Oh, and if rotten kids went with crazy parents then the world would be amok! Imagine all the things the parents would let the kids do and the kids would let the parents do, instead of having one desperatly trying to keep tabs on the other. Maybe they'd spend quality family time planning to shoot up their school/work. Uncool.
Member # 381
posted 09-18-2001 07:12 PM
I'm sorry they found out. All I can say is I hope you're doing everything you can to prepare for leaving home. I'm straight, but my relationship with my parents couldn't have been any worse if I were gay. I spent my high school years biding my time and working my keester off for the day when I'd be able to leave home. I got a full ride scholarship to college, which means I'm not dependent upon them for money or support. I don't talk to them and they don't talk to me. They "disowned" me when they realized I wasn't going to jump through hoops for them here like I was forced to at home. I don't know your parents, so I can't tell you how to handle them or the best way to make your escape. I can tell you that the sooner you are truly independent of them the better.

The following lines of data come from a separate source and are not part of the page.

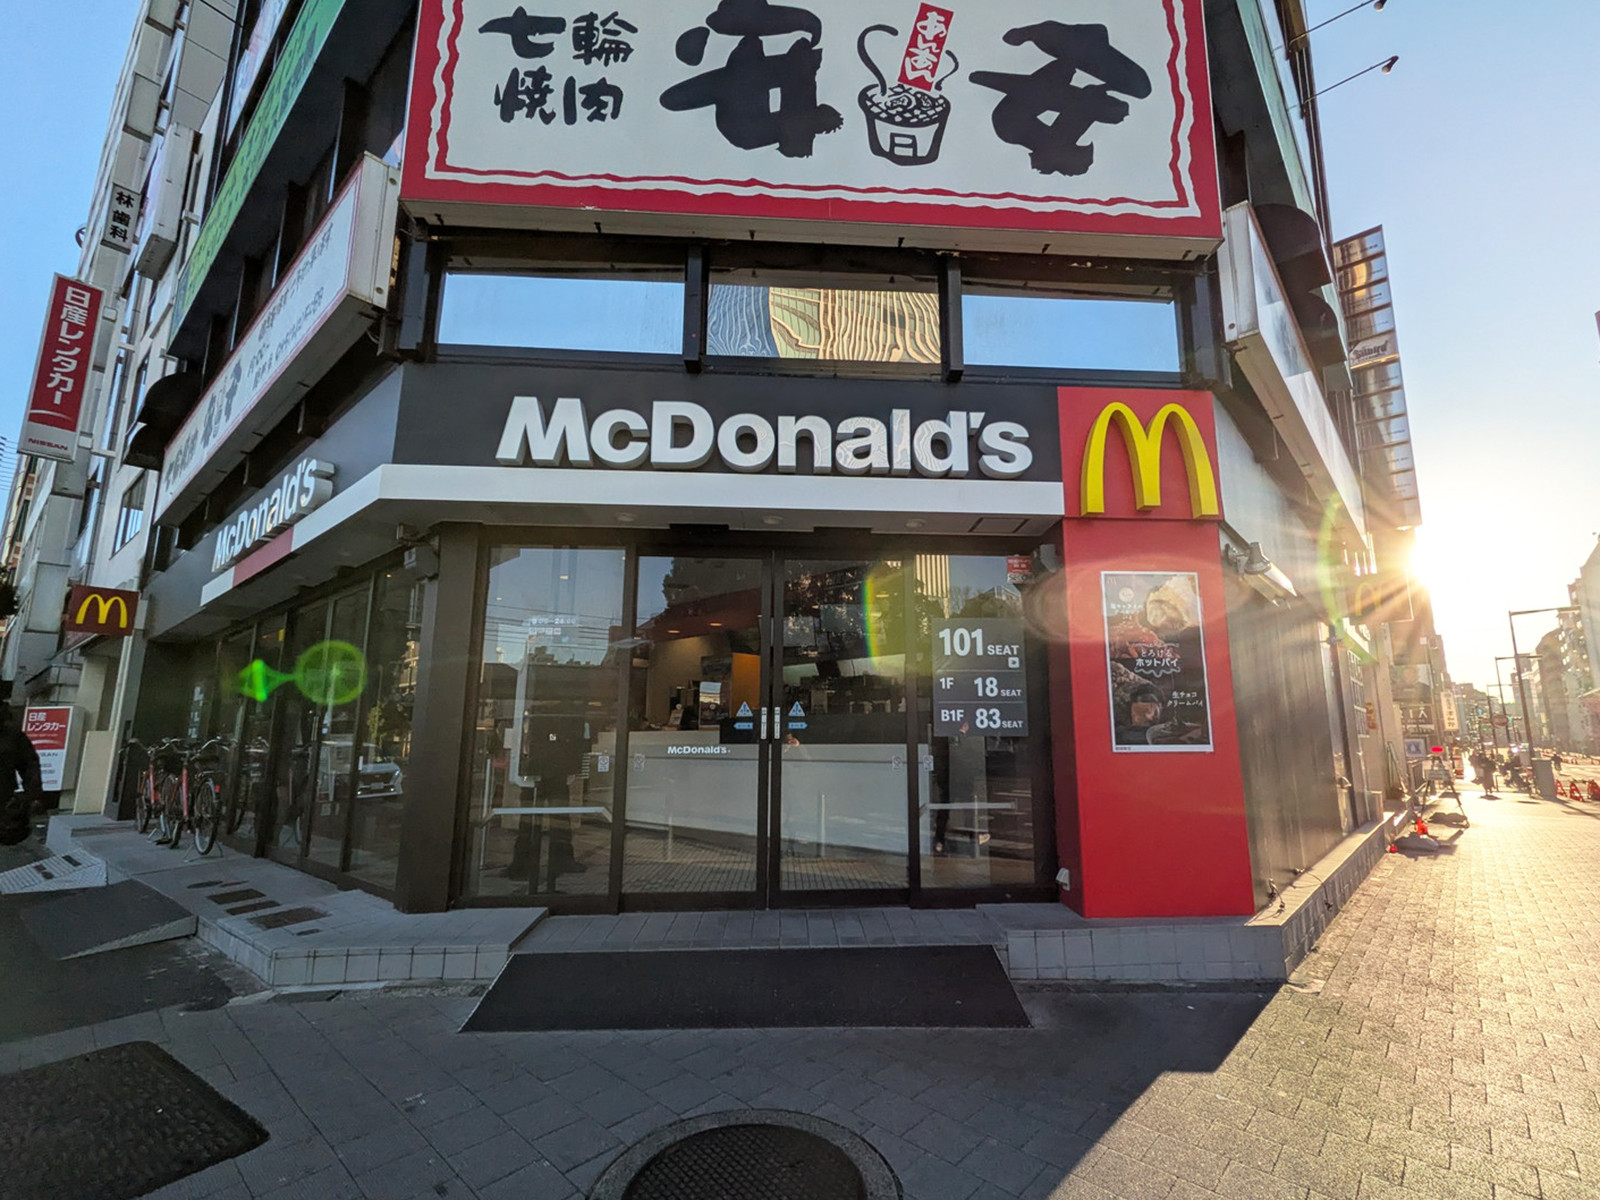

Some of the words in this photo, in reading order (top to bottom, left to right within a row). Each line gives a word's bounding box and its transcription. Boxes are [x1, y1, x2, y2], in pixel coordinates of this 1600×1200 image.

[478, 7, 638, 67] 七輪
[496, 66, 622, 125] 焼肉
[659, 0, 844, 157] 安
[109, 190, 134, 243] 林歯科
[46, 286, 91, 405] 日産レンタカー
[28, 437, 68, 451] NISSAN
[496, 395, 1032, 478] McDonald's
[212, 458, 334, 570] McDonald's
[939, 628, 984, 656] 101
[987, 645, 1019, 656] SEAT
[939, 677, 954, 690] 1F
[974, 677, 998, 698] 18
[1001, 689, 1021, 697] SEAT
[27, 722, 66, 731] レンタカー
[28, 712, 46, 721] 日産
[941, 709, 965, 722] B1F
[975, 709, 1001, 729] 83
[667, 746, 727, 754] McDonald's

Since I've gotten away life has been better than I'd dared to imagine it could be. I'm making very good progress towards my degree. I've got 4 to 6 more semesters to go before I graduate with a degree that will more or less guarantee me a high paying job.
Anyway I'm rambling and getting way off topic.
Member # 2748
posted 09-18-2001 10:13 PM
Wow. Lee, that's terrible and great all wrapped into one. Terrible in the sense that your parents are very difficult and demanding like that, but great in the sense that you overcame it and created a spectacular life for yourself. Good for you.
Member # 5316
posted 09-20-2001 11:07 PM
My parents don't know and I see no reason to tell them. Right now I am with a guy, so there's no point in them knowing I am attracted in females as well. If I ever do have a girlfriend and I believe it will be a long term relationship, then I'll let them know. But for now, if it ain't broke, dont' fix it.

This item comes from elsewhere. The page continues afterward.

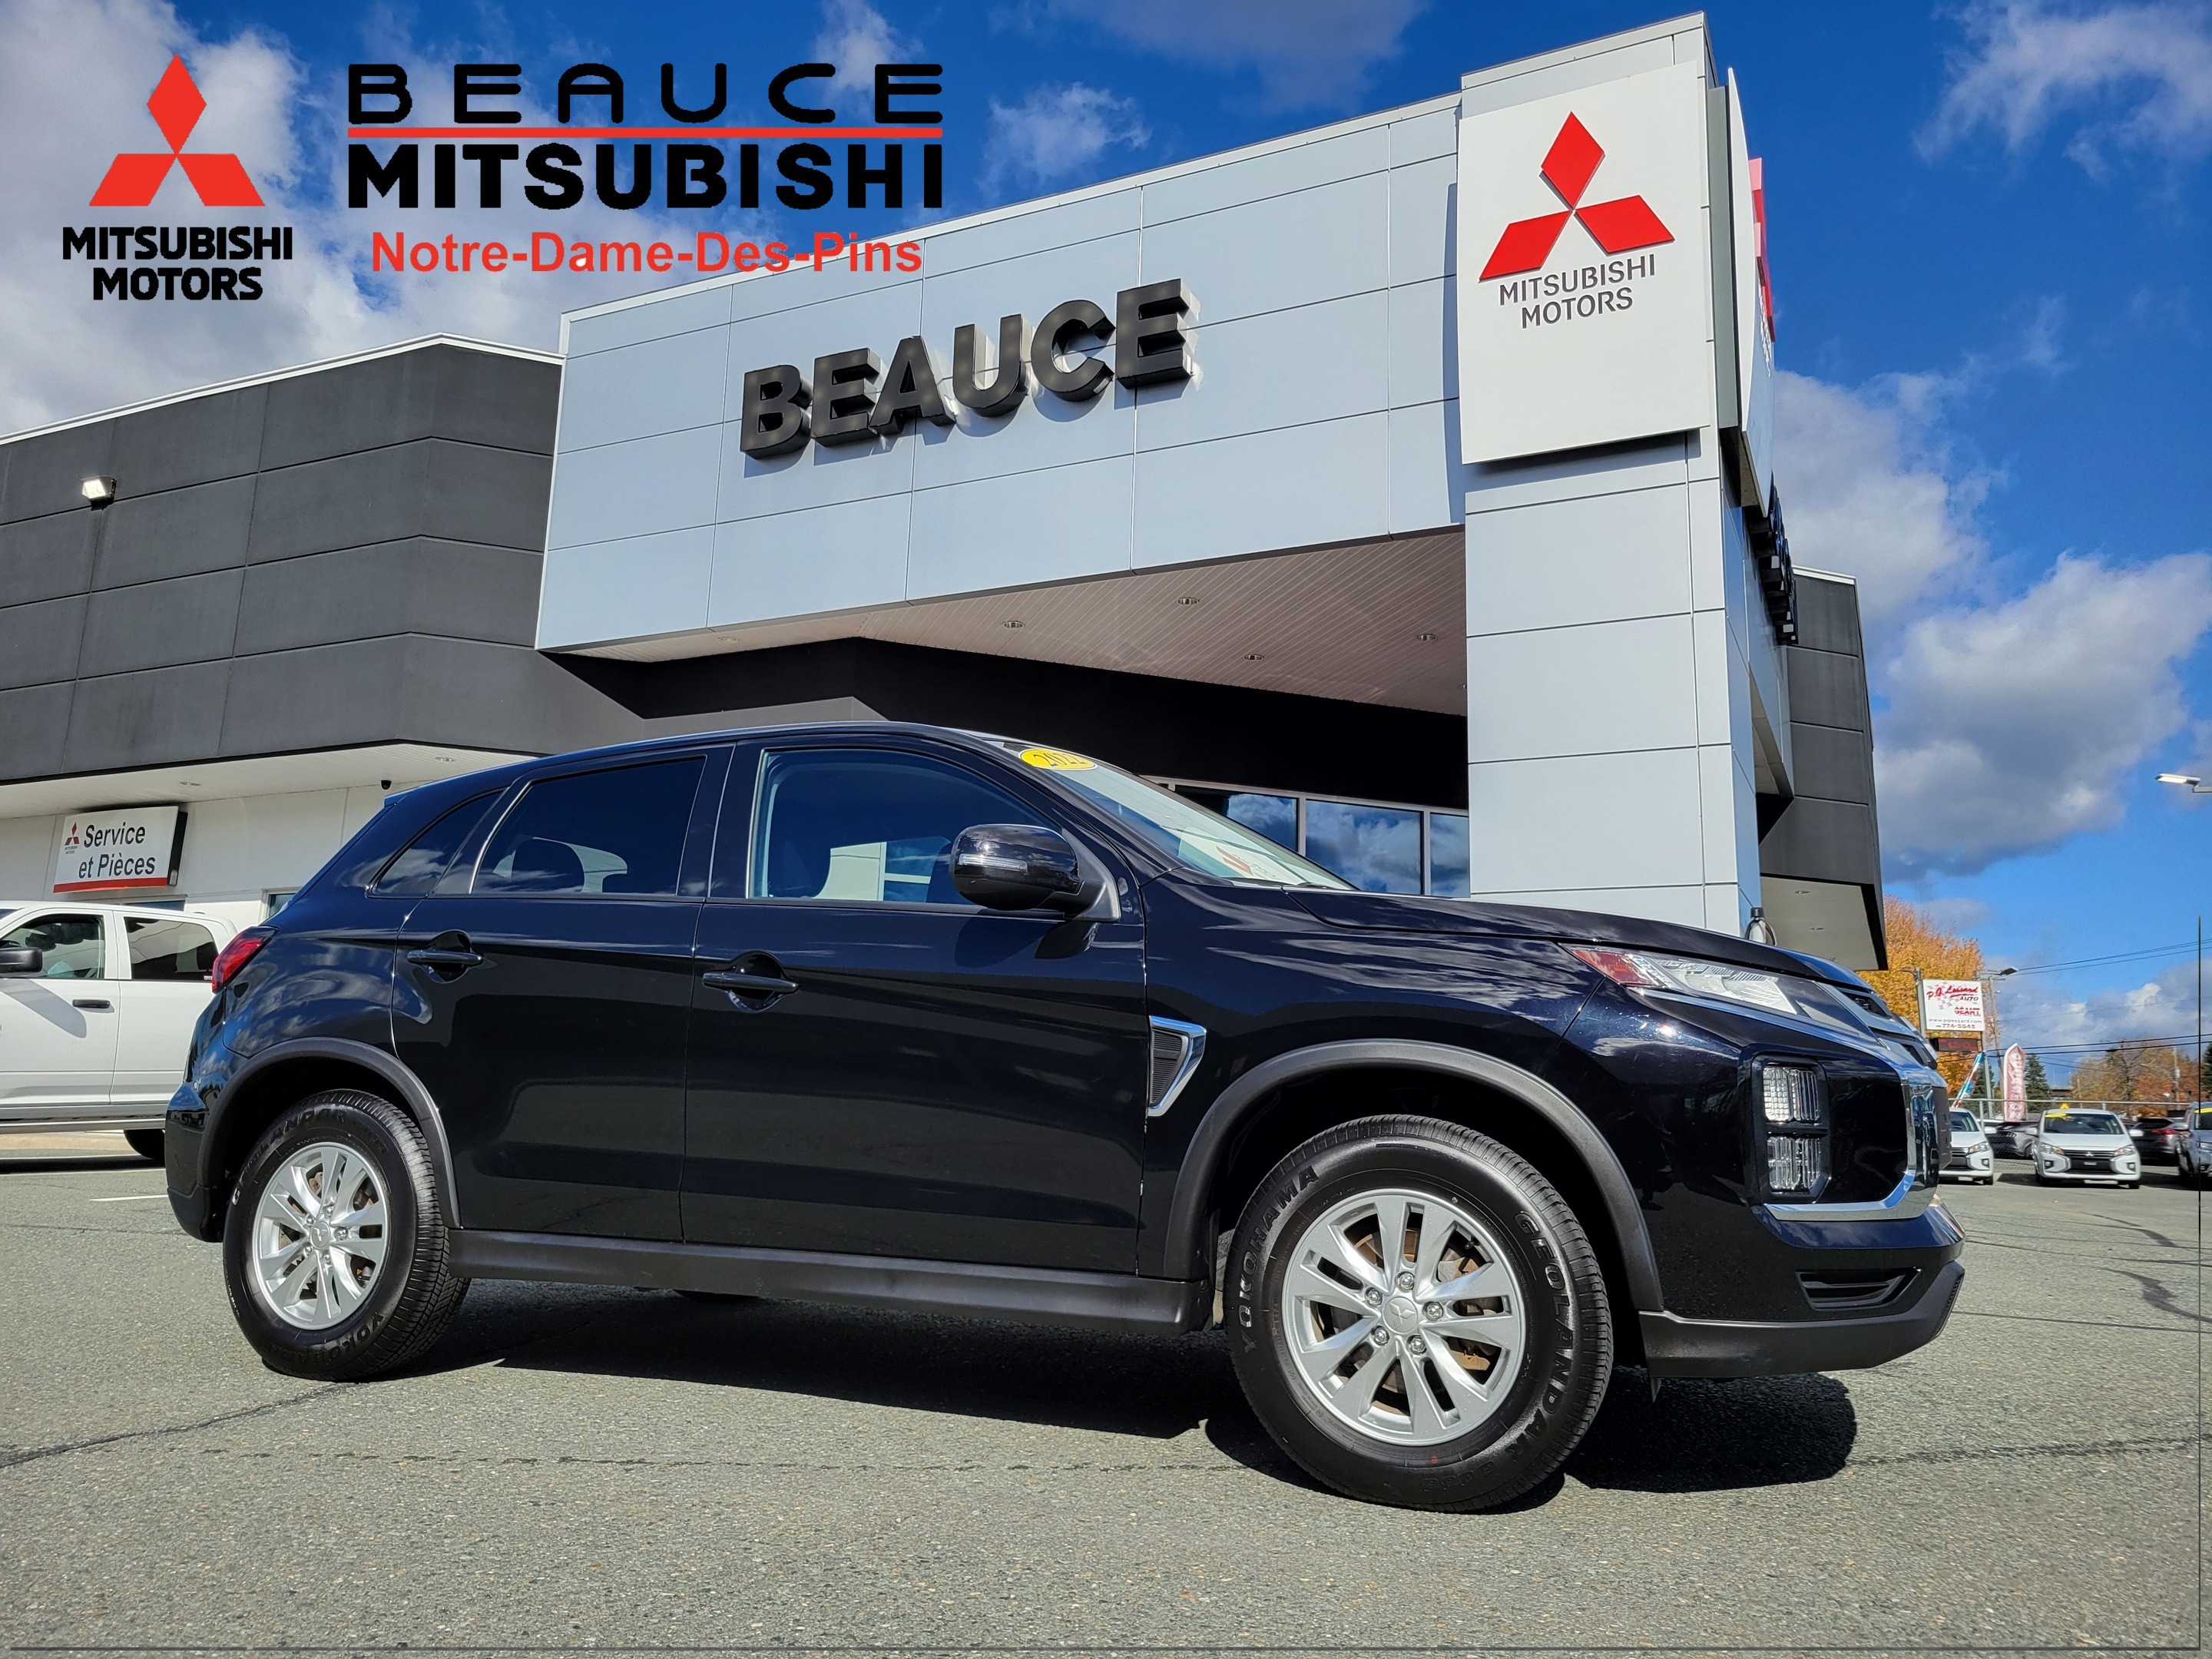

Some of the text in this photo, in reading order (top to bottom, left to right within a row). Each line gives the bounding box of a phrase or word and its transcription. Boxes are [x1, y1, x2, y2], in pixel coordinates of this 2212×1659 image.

It took so long to remember just what happened. I was so young and vestal then.
Member # 4003
posted 09-25-2001 12:28 AM
Well...I guess you could say that my mom really didn't make too many limitations on me. I mean...even if I did like guys...she still wouldn't have let me seriously date anyone til I was 17 anyways. I don't think my sexuality really matters to her. She loves me no matter what. She might tell me not to "flaunt" it at school, but that's only cuz she doesn't want me to get beat up, or you know, something like that (not that it would happen at our school, least I don't think so, but it happens. So all in all, my mom is pretty fair
"We are the normal"-Johny Rznick
Member # 5375
posted 09-25-2001 05:10 AM
This really made me think. I told my mom about my sexuality a few years ago. It was a very short conversation and it's never been brought up again. She was fine with it but she's never really had to deal with it. I've just ended a three year long period of celibacy, during which I realized I was bi, so I didn't really have any girlfriends to bring home.
I haven't told my father or anyone else in my family. I can't imagine them taking it well and I don't really regard it as any of their concern.
Ultimately nothing has changed, not even some of the things that should have - like a simple acknowledgement of who I am. However, it's never really been a problem.